• [EXERCISE PROMPT]
Down to the last line, repeat the records exactly.

::: DATA RECORDS

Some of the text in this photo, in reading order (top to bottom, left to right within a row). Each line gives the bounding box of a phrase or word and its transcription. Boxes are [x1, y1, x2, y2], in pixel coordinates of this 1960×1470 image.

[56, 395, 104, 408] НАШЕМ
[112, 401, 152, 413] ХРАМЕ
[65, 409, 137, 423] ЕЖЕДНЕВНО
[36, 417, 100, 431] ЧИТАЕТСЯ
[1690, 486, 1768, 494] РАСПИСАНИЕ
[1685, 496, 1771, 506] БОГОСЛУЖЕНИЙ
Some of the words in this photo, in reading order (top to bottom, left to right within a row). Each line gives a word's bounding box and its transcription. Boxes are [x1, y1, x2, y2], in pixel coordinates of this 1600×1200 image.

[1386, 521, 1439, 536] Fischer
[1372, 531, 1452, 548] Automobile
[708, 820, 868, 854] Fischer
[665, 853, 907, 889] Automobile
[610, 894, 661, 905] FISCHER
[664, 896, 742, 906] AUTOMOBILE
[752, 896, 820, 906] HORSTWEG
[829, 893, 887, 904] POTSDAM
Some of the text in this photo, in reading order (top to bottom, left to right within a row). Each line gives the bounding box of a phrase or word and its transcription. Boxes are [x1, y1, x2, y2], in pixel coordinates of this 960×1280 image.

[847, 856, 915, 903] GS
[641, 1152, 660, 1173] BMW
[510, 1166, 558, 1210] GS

::::::

• [WRITTEN ANSWER]
Some of the text in this photo, in reading order (top to bottom, left to right within a row). Each line gives the bounding box of a phrase or word and its transcription. Boxes are [x1, y1, x2, y2], in pixel coordinates of this 1960×1470 image.

[56, 395, 104, 408] НАШЕМ
[112, 401, 152, 413] ХРАМЕ
[65, 409, 137, 423] ЕЖЕДНЕВНО
[36, 417, 100, 431] ЧИТАЕТСЯ
[1690, 486, 1768, 494] РАСПИСАНИЕ
[1685, 496, 1771, 506] БОГОСЛУЖЕНИЙ
Some of the words in this photo, in reading order (top to bottom, left to right within a row). Each line gives a word's bounding box and its transcription. Boxes are [x1, y1, x2, y2], in pixel coordinates of this 1600×1200 image.

[1386, 521, 1439, 536] Fischer
[1372, 531, 1452, 548] Automobile
[708, 820, 868, 854] Fischer
[665, 853, 907, 889] Automobile
[610, 894, 661, 905] FISCHER
[664, 896, 742, 906] AUTOMOBILE
[752, 896, 820, 906] HORSTWEG
[829, 893, 887, 904] POTSDAM
Some of the text in this photo, in reading order (top to bottom, left to right within a row). Each line gives the bounding box of a phrase or word and its transcription. Boxes are [x1, y1, x2, y2], in pixel coordinates of this 960×1280 image.

[847, 856, 915, 903] GS
[641, 1152, 660, 1173] BMW
[510, 1166, 558, 1210] GS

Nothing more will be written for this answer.